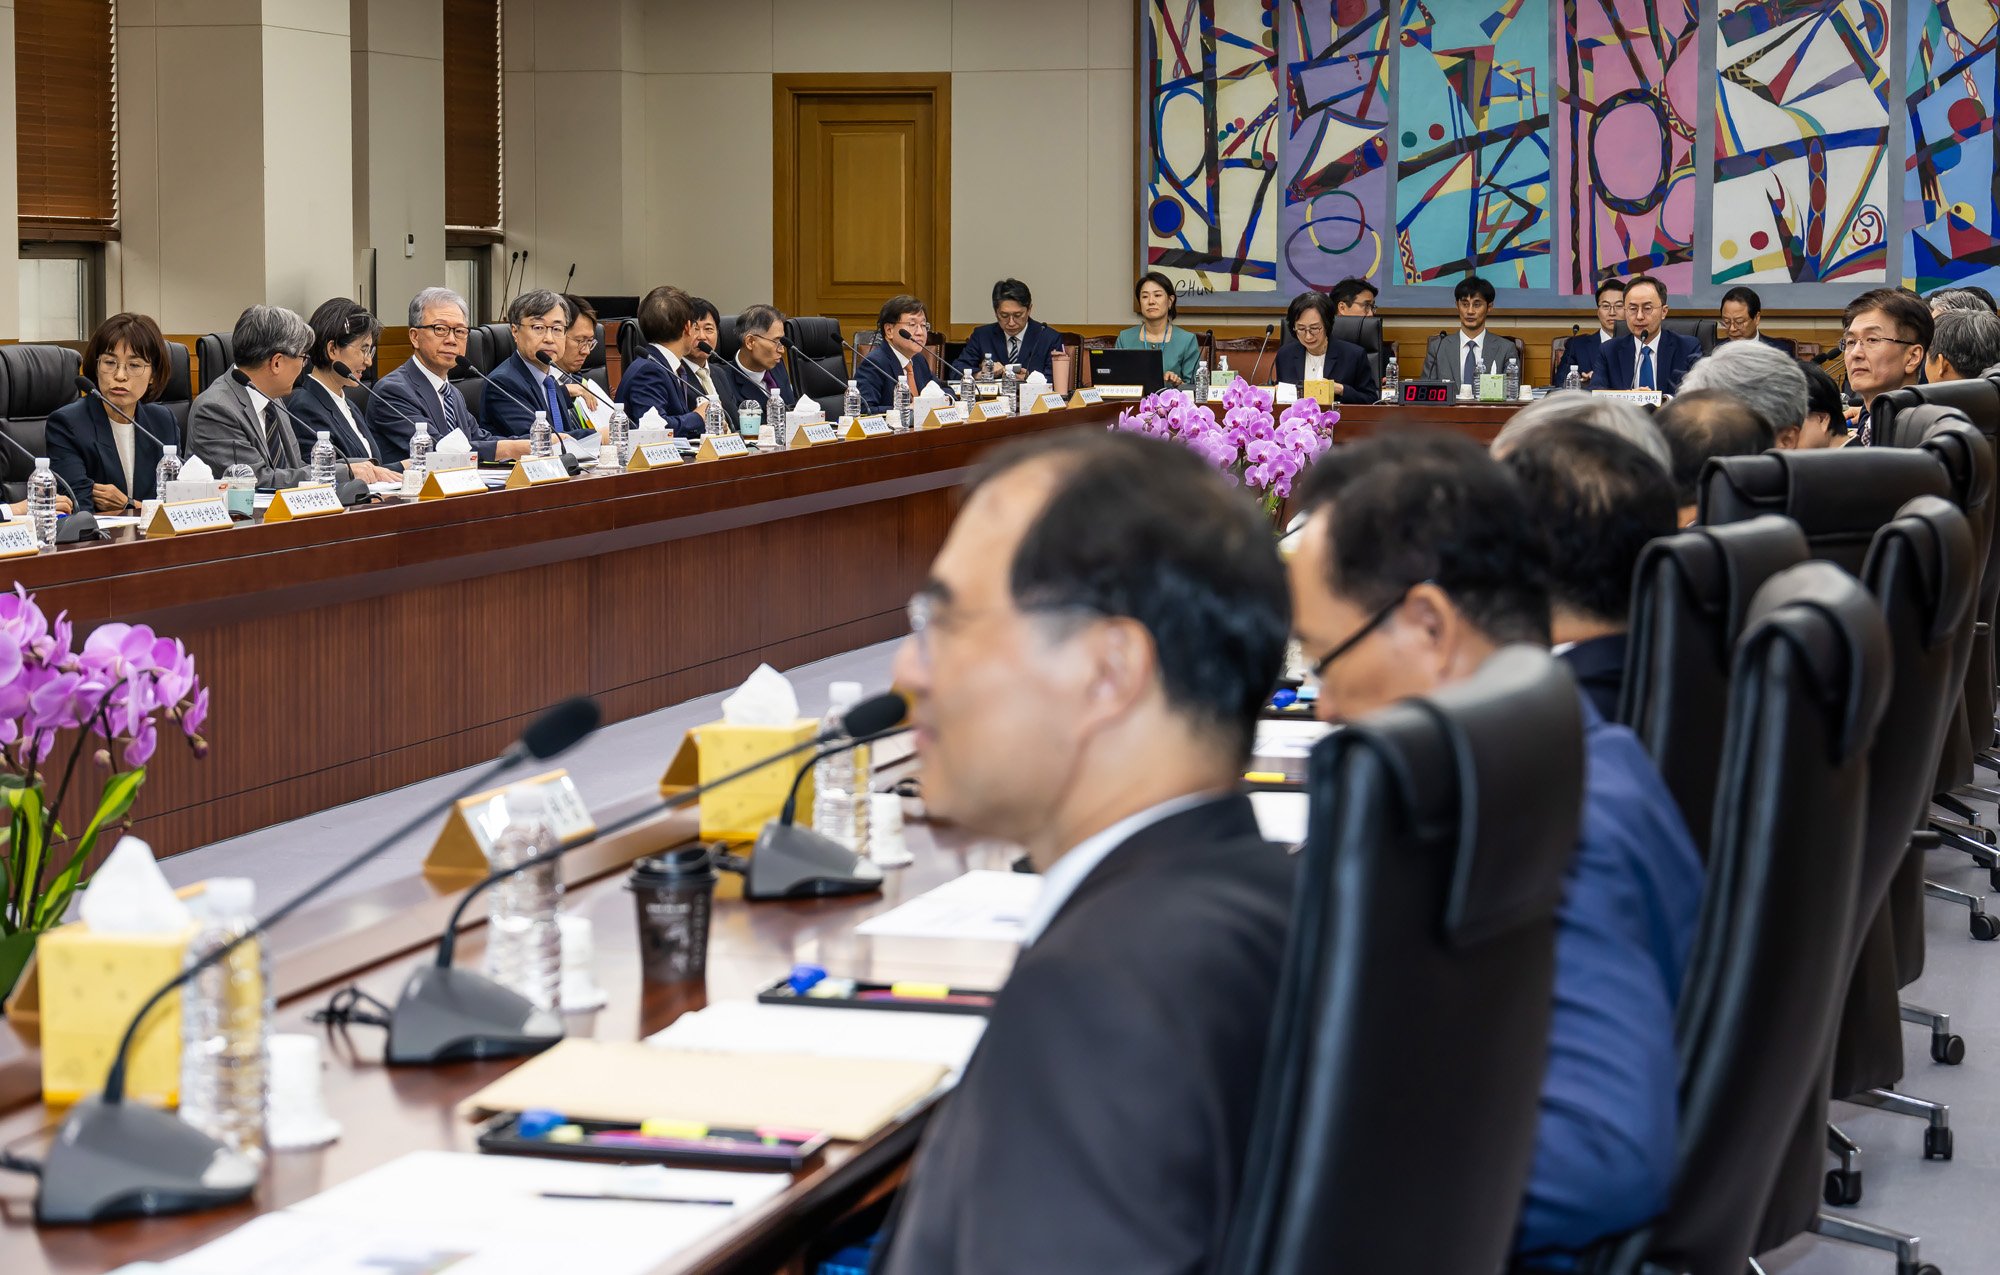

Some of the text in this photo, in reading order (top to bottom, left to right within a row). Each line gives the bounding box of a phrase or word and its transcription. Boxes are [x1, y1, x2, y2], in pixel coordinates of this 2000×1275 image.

[289, 490, 336, 510] 인천가정법원장
[170, 505, 226, 525] 의정부지방법원장
[0, 529, 31, 549] 방법원장
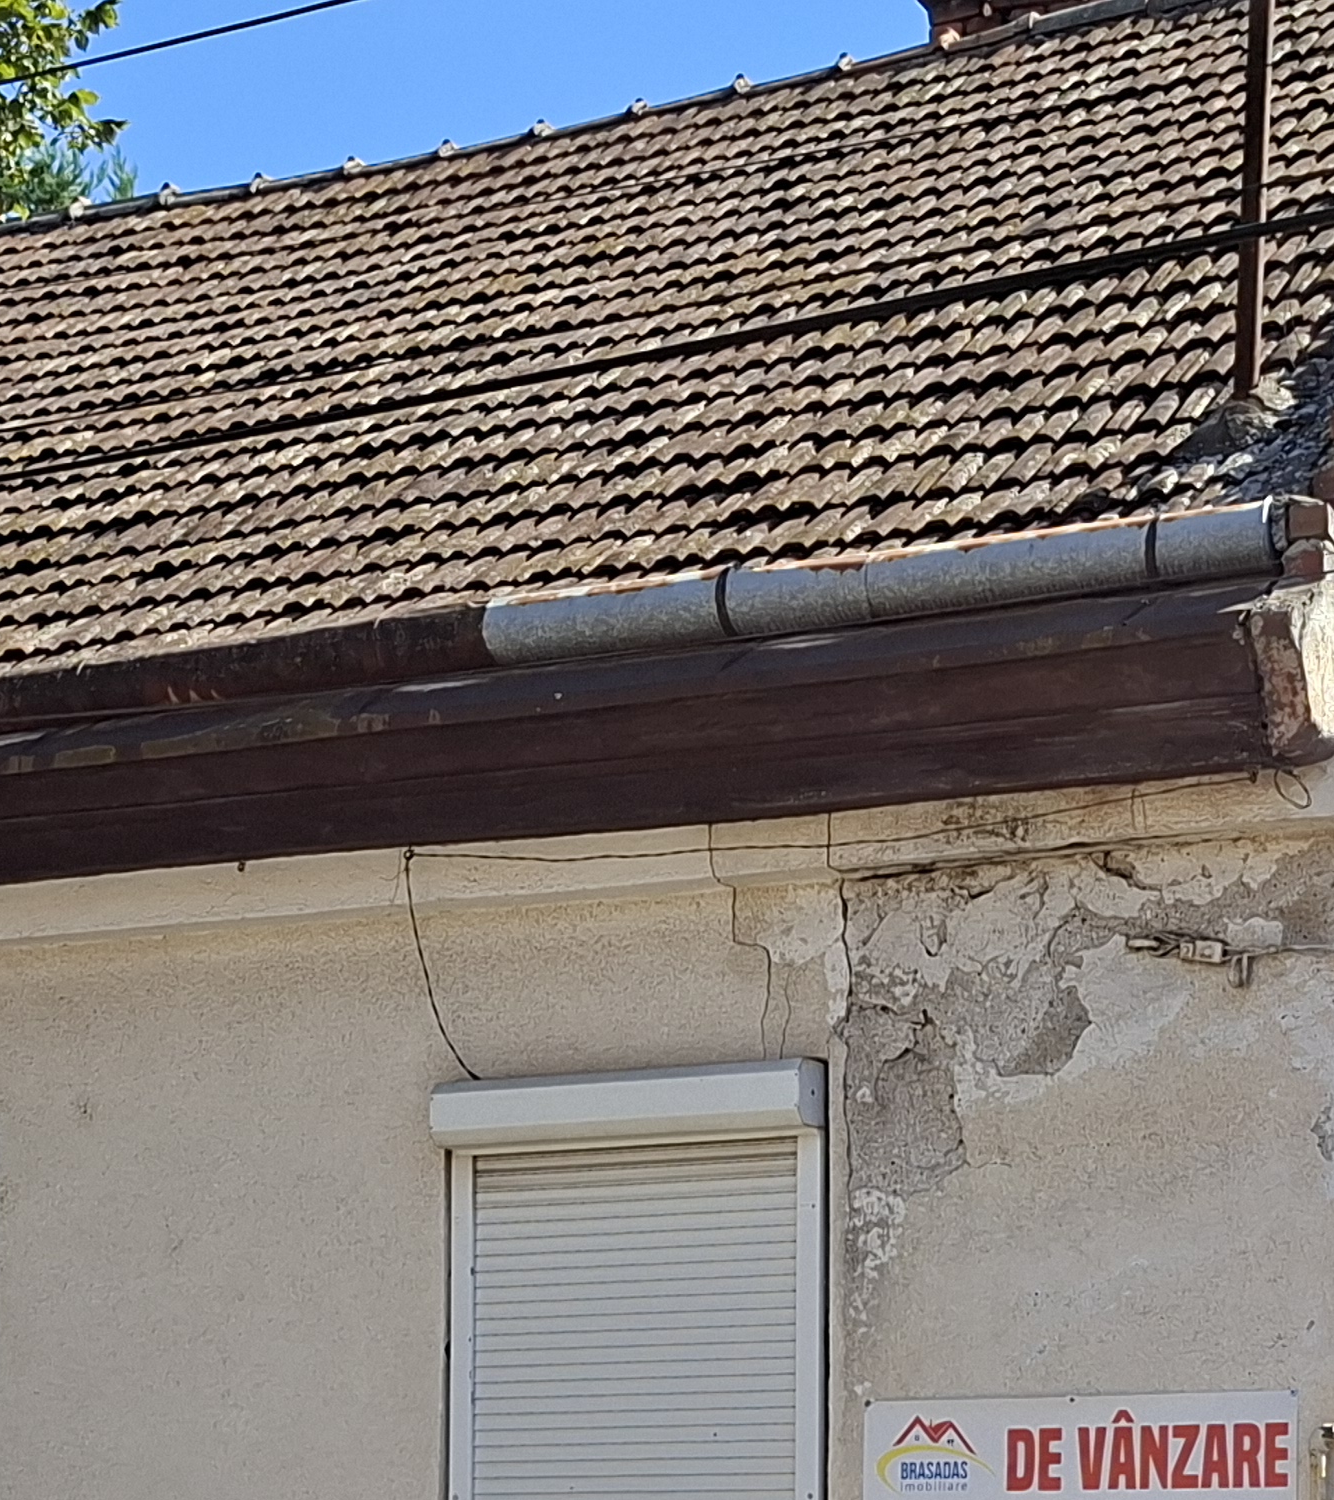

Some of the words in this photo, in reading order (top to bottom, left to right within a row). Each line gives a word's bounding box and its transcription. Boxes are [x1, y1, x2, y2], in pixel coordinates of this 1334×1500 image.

[900, 1461, 968, 1480] BRASADAS
[1006, 1428, 1062, 1491] DE
[1077, 1409, 1290, 1490] VÂNZARE
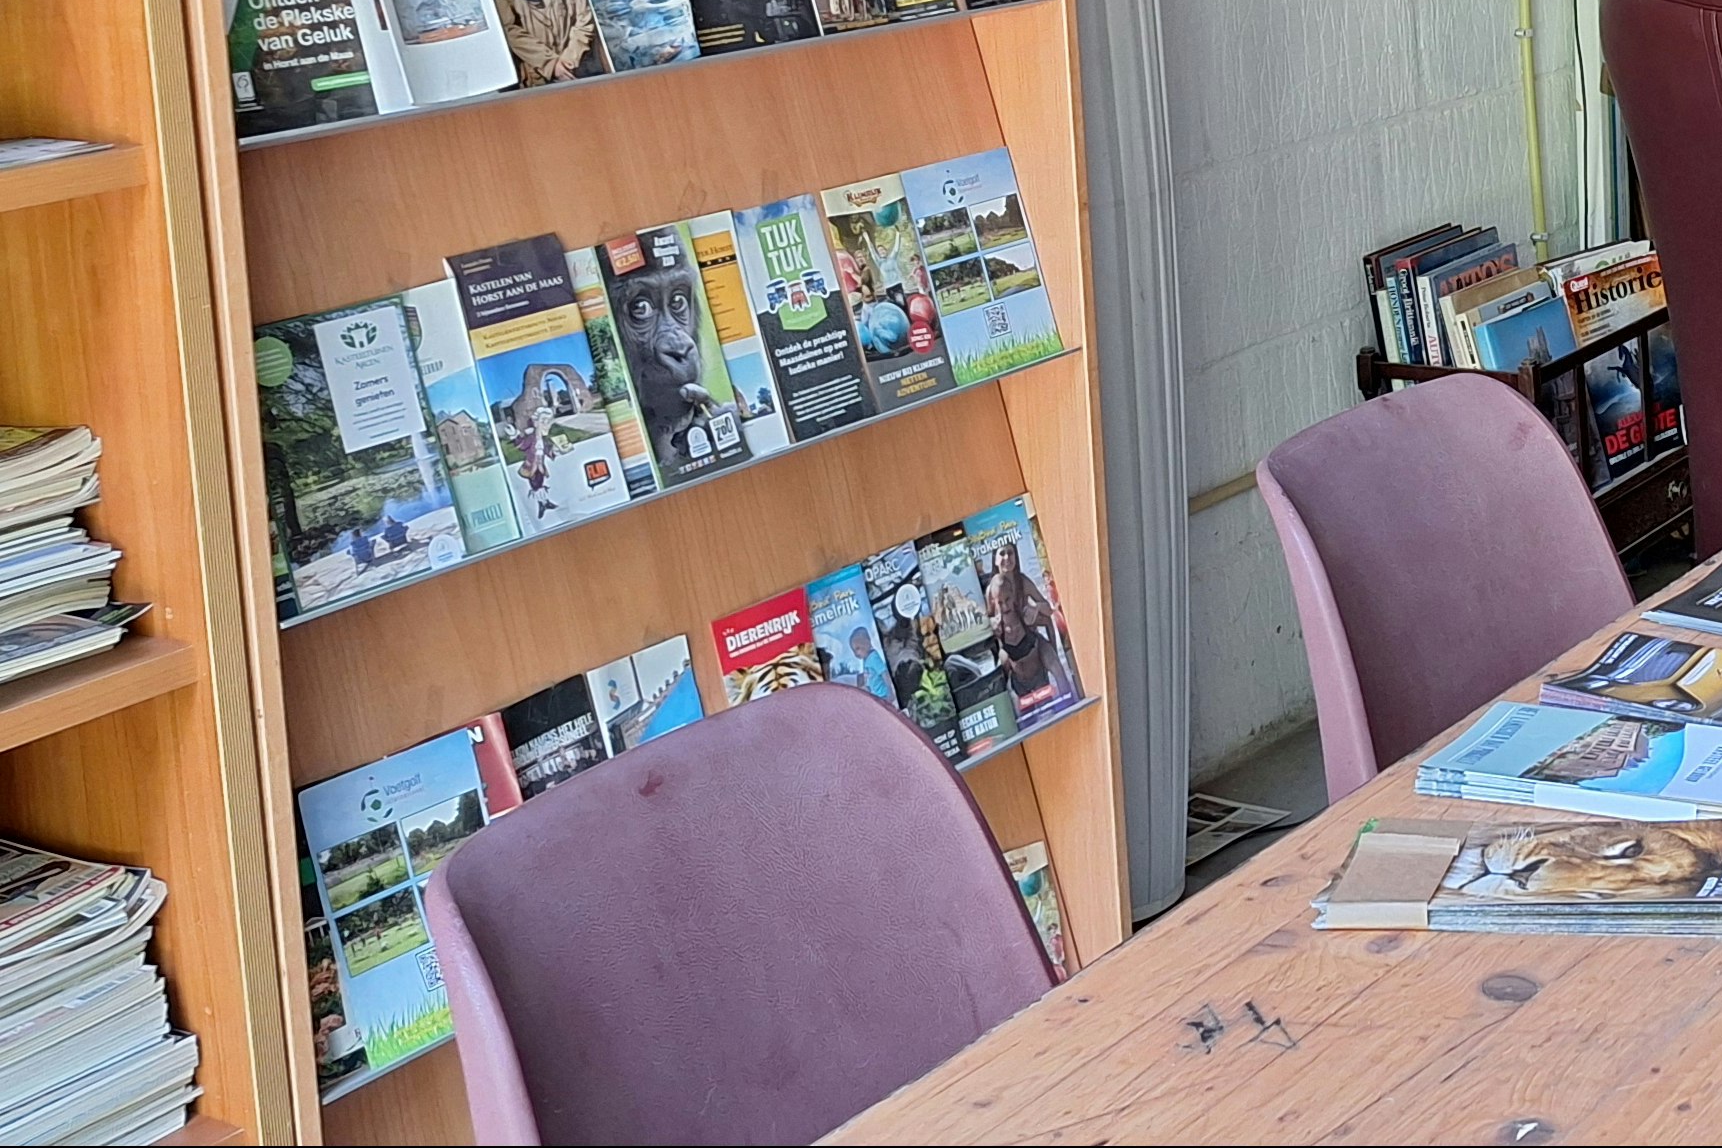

REQUIREMENT: Repeat the listing exactly; do not print any picture.

TASK RESULT:
Some of the text in this photo, in reading order (top to bottom, left to right within a row). Each line gives the bounding box of a phrase or word and its transcription. Boxes are [x1, y1, x2, y2], in pixel coordinates of this 2000×1275 image.

[289, 490, 336, 510] 인천가정법원장
[170, 505, 226, 525] 의정부지방법원장
[0, 529, 31, 549] 방법원장

Some of the words in this photo, in reading order (top to bottom, left to right within a row). Each line gives a word's bounding box and its transcription. Boxes are [x1, y1, x2, y2], in pixel coordinates of this 1334×1500 image.

[900, 1461, 968, 1480] BRASADAS
[1006, 1428, 1062, 1491] DE
[1077, 1409, 1290, 1490] VÂNZARE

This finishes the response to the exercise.